The sky hung low and overcast, but there was no rain.
This had no effect on business. Despite the ongoing malaise in the major Western economies, India continued to expand as a commercial power. Its motion picture output, particularly, was becoming more popular every year, with vast audiences in Britain, Germany, Eastern Europe, and even South America. It dwarfed Hollywood.
Bollywood, as Mumbai’s entertainment industry was wryly called, was becoming the dominant power in storytelling around the world.
If you wanted to succeed, if you wanted billions of fans and not mere millions, you came to Mumbai. The squalor and the hustlers and the noise and the foul air were nothing—merely the grime that collects on well-fondled money.
The only thing success could not relieve was the accursed traffic. However many country villas one could afford, however fine one’s automobile, getting to the former in the latter was nearly impossible. Even the burgeoning helicopter business was little help—it was still a drive to the airfield.
Neelina “Nilu” Chandra was an item girl. She had started out as an extra in the innumerable crowd scenes called for in Bollywood movies. Eventually she became a dancer, performing choreographed routines alongside several dozen others in the background behind the stars—item numbers, these musical interludes were called.

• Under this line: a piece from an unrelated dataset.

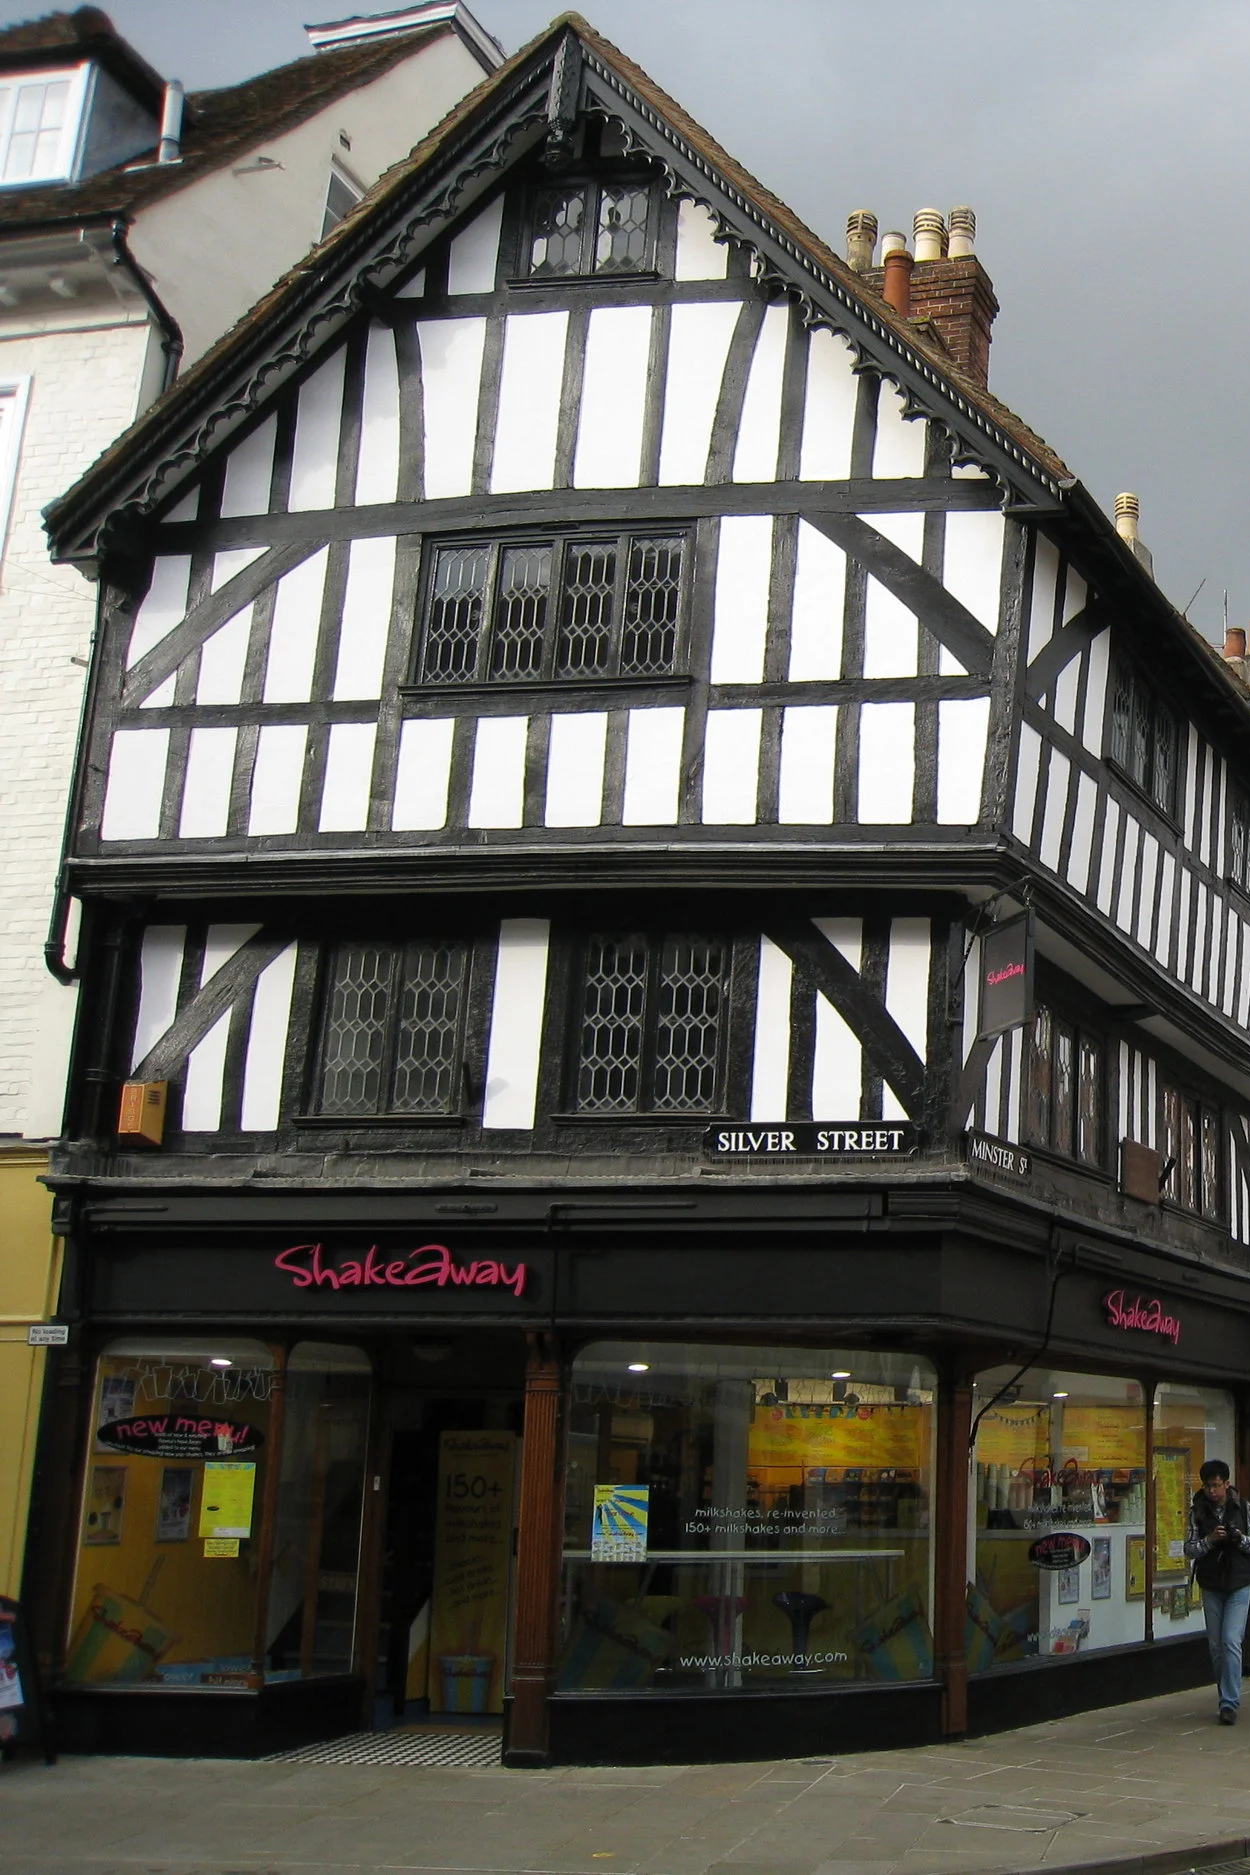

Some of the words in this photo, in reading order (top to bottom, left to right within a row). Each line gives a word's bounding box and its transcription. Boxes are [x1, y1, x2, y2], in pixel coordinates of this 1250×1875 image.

Now Nilu had the lead in an item number of her own, in a production called Kaun Hai Woh Pagal Ladki? She was playing the part of an anonymous club singer; her job was to dance and lip-synch a filmi song that echoed the hero’s emotional condition as he pined for the heroine (the “pagal ladki,” or “crazy girl,” of the title). The stars would be involved in the number. Nilu had no fewer than five routines to perform with the hero in the course of the song.
The heroine was supposed to be sitting alone at a table in the club, ignoring all romantic entreaties, so Nilu wouldn’t have to compete with her for screen time. It was an ideal opportunity that could result in more item numbers with Nilu as the lead dancer, which could bring about a proper dramatic role with dialogue. From there, it was in the audience’s hands. If they liked her well enough, she would become a star.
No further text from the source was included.